Jim Callis: Why O's could go Termarr Johnson at No. 1.

At a time when the Orioles are making real progress on the field and getting better in front of our eyes, another chance to greatly improve the organization is just around the corner.

The 20-round 2022 First-Year Player Draft will be held July 17-19, providing a great chance for the Orioles to add to the so-called elite talent pipeline. It's produced one of the best farm systems in the sport and now will see the influx from a draft where the Orioles not only have the No. 1 pick for the third time in team history, but have five of the first 81 picks for the first time in four drafts under executive vice president and general manager Mike Elias.
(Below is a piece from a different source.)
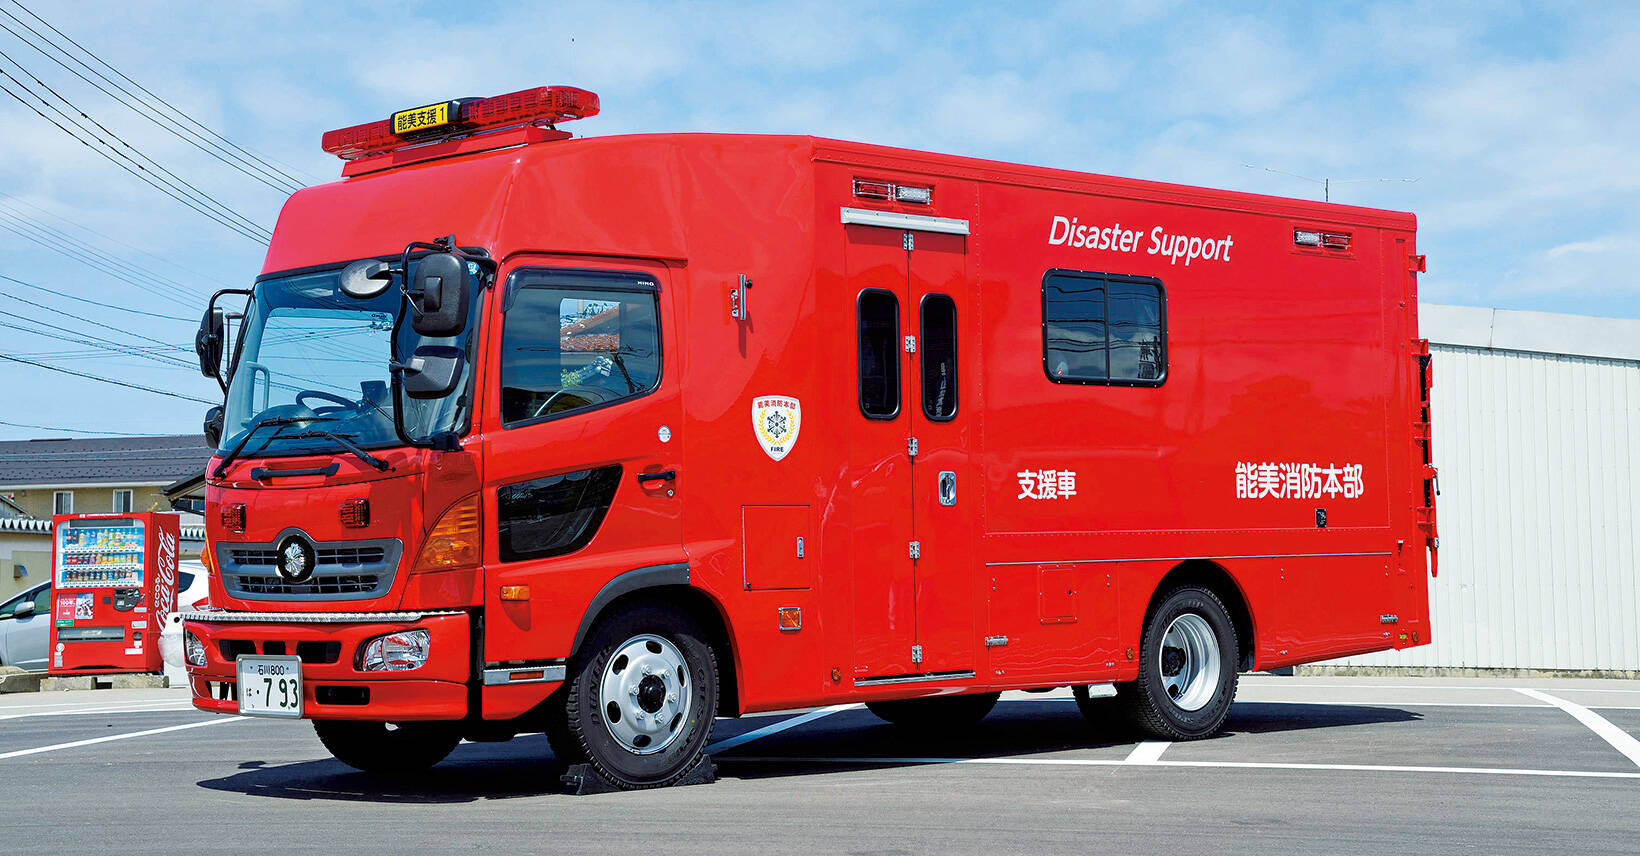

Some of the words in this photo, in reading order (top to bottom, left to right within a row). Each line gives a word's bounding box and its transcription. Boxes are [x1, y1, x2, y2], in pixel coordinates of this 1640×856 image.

The Orioles selected Ben McDonald with the No. 1 overall pick in 1989 and Adley Rutschman in 2019. Now for the second time in four drafts, they pick 1/1 again.

This draft the O’s have selections at No. 1, No. 33, No. 42, No. 67 and No. 81. Perhaps they make a score as strong as the last time they selected No. 1 when their top three picks were Rutschman, Gunnar Henderson and Kyle Stowers.

MLBPipeline.com ranks the top five players in this order:

No. 1 – Georgia high school outfielder Druw Jones. He is the son of five-time All-Star and 10-time Gold Glove winner Andruw Jones. The 18-year-old Jones gets 70 tool grades for running and fielding and he could grow into plus power, too.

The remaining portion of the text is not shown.